- [Data provided]:

•••••

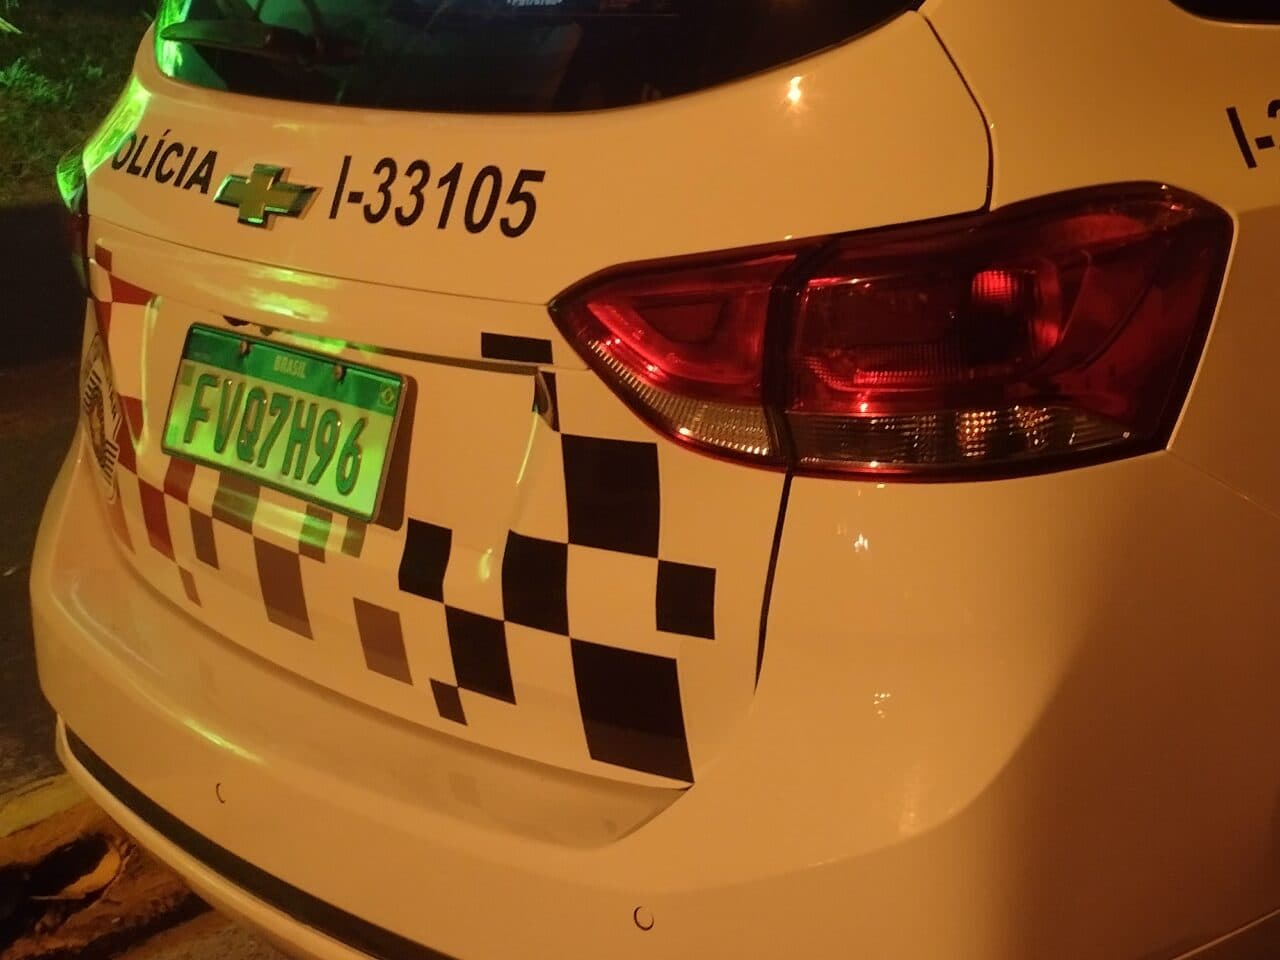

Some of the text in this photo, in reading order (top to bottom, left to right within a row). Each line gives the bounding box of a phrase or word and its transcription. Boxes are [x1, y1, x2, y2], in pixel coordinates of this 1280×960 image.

[110, 128, 546, 239] OLÍCIA I-33105
[273, 354, 307, 379] BRASIL
[183, 373, 368, 497] FVQ7H96
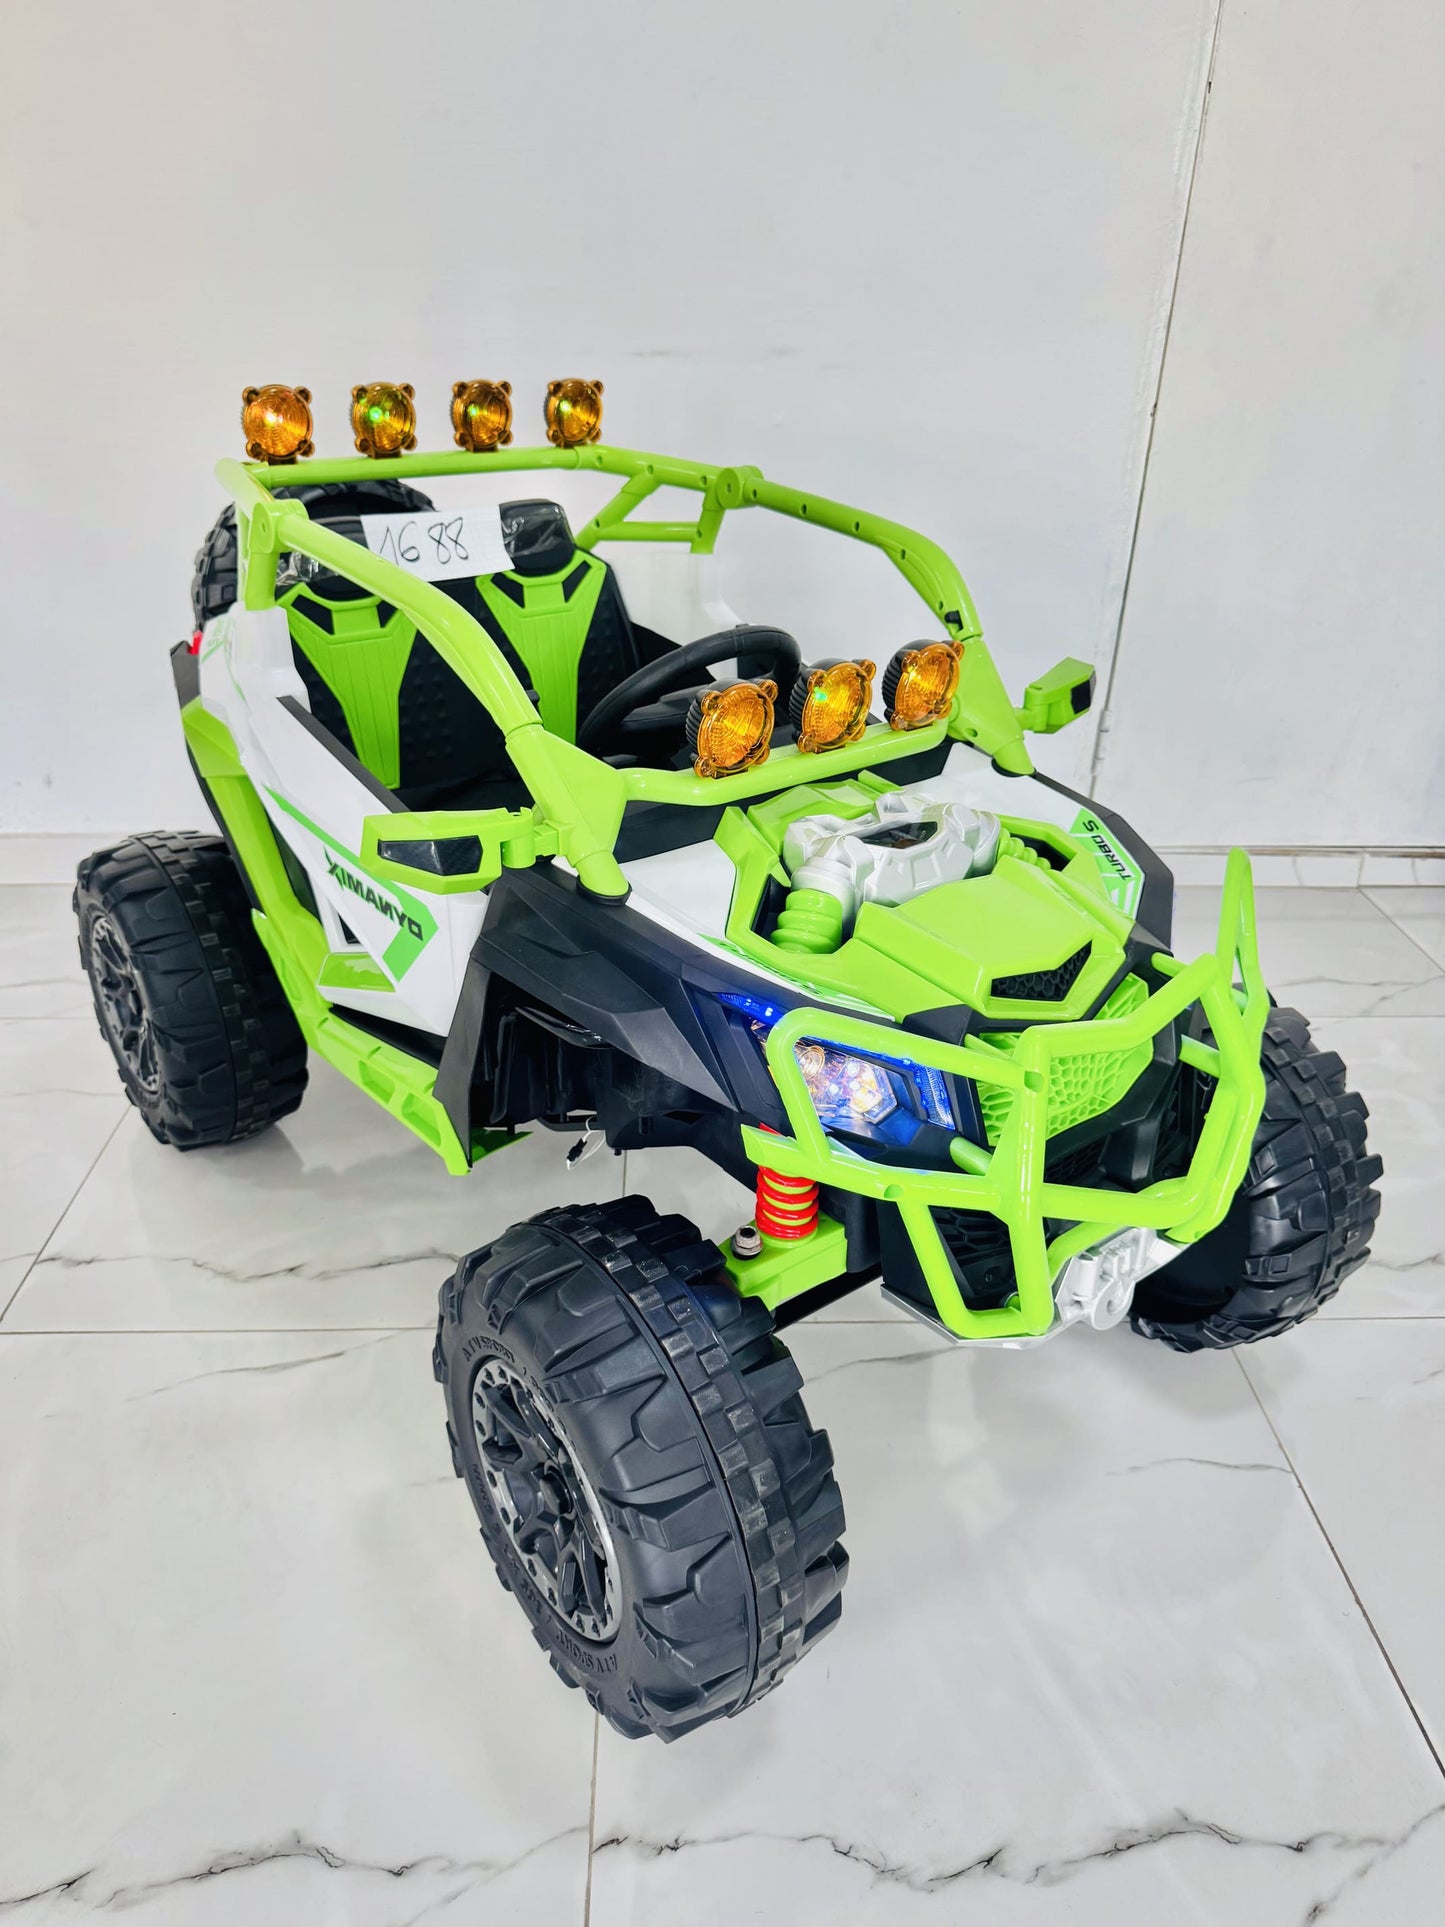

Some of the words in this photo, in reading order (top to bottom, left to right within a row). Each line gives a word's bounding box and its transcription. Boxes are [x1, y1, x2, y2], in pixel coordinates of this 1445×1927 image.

[380, 516, 468, 565] 1688
[1083, 820, 1099, 832] S
[1091, 835, 1131, 880] TURBO

•••••

- [Try it]: Please write out the entire listing above exactly, but leave the pictures out.

- [Answer section]:
Some of the text in this photo, in reading order (top to bottom, left to right within a row). Each line gives the bounding box of a phrase or word and its transcription. Boxes are [x1, y1, x2, y2], in pixel coordinates of this 1280×960 image.

[110, 128, 546, 239] OLÍCIA I-33105
[273, 354, 307, 379] BRASIL
[183, 373, 368, 497] FVQ7H96

Some of the words in this photo, in reading order (top to bottom, left to right within a row). Each line gives a word's bounding box and its transcription. Boxes are [x1, y1, x2, y2], in pixel coordinates of this 1445×1927 image.

[380, 516, 468, 565] 1688
[1083, 820, 1099, 832] S
[1091, 835, 1131, 880] TURBO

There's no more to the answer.